>>>>
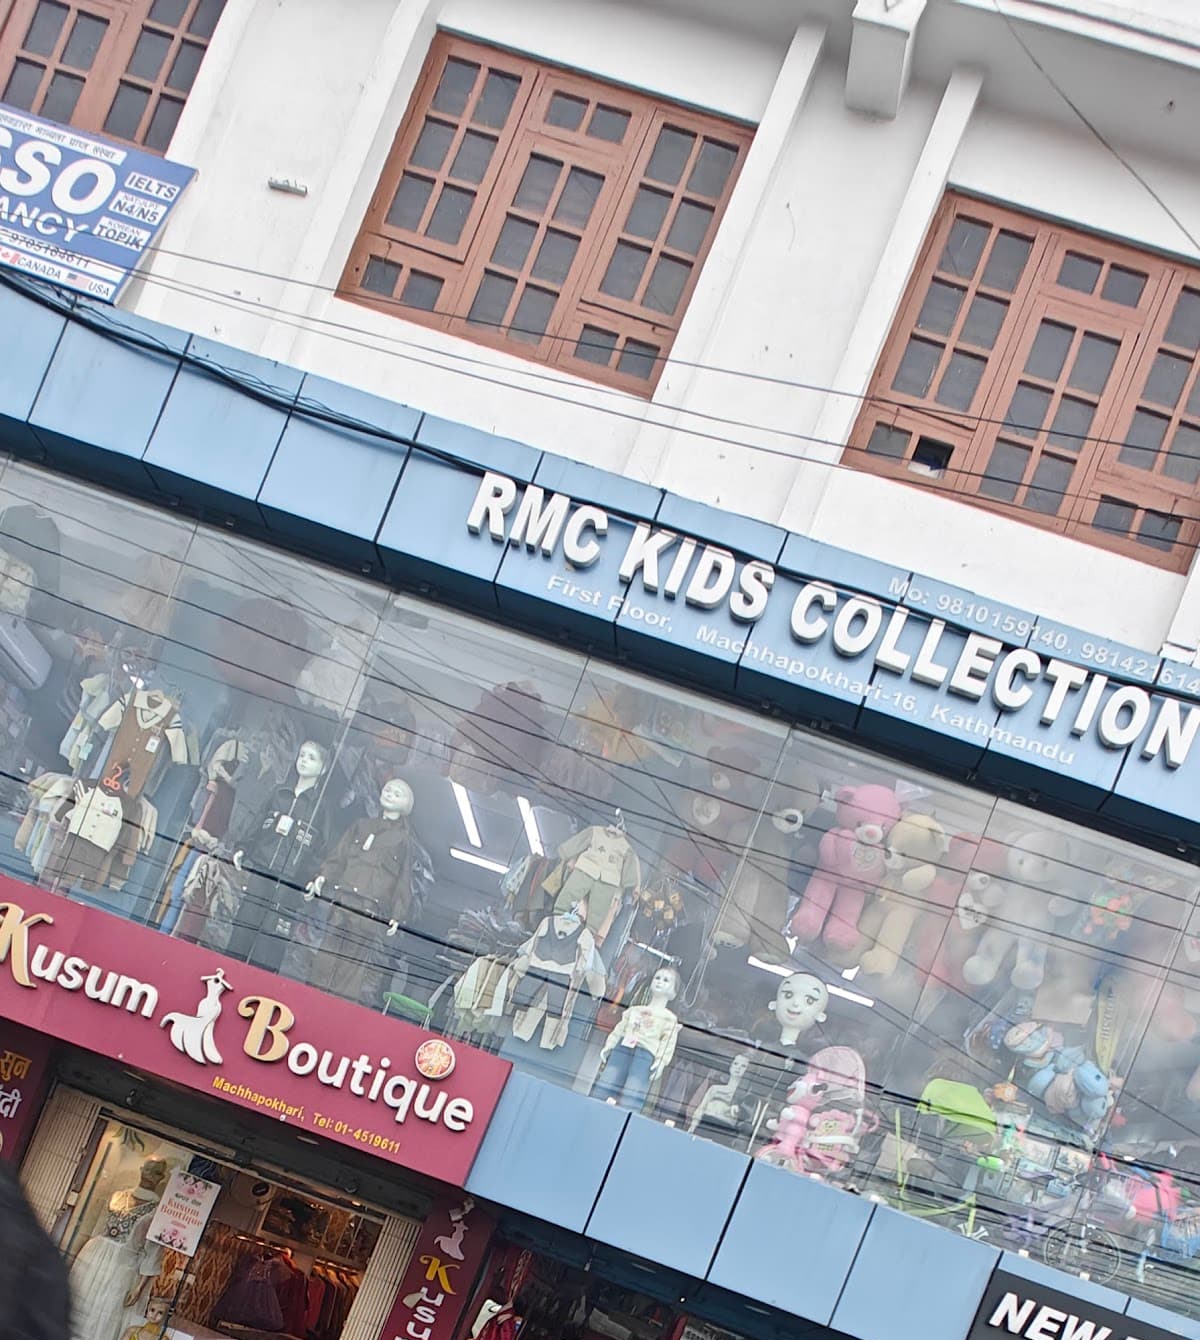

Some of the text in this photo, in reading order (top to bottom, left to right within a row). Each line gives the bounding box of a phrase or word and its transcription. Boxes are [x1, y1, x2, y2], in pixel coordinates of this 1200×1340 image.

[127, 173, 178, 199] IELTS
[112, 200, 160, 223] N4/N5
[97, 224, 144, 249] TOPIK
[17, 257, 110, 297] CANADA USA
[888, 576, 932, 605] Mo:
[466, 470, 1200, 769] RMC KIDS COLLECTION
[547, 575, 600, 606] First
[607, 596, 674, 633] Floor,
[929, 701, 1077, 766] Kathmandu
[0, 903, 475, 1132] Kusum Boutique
<<<<
The entries above need to be output again in full, exactly, and without pictures.

## Exercise answer
Some of the text in this photo, in reading order (top to bottom, left to right within a row). Each line gives the bounding box of a phrase or word and its transcription. Boxes are [x1, y1, x2, y2], in pixel coordinates of this 1200×1340 image.

[127, 173, 178, 199] IELTS
[112, 200, 160, 223] N4/N5
[97, 224, 144, 249] TOPIK
[17, 257, 110, 297] CANADA USA
[888, 576, 932, 605] Mo:
[466, 470, 1200, 769] RMC KIDS COLLECTION
[547, 575, 600, 606] First
[607, 596, 674, 633] Floor,
[929, 701, 1077, 766] Kathmandu
[0, 903, 475, 1132] Kusum Boutique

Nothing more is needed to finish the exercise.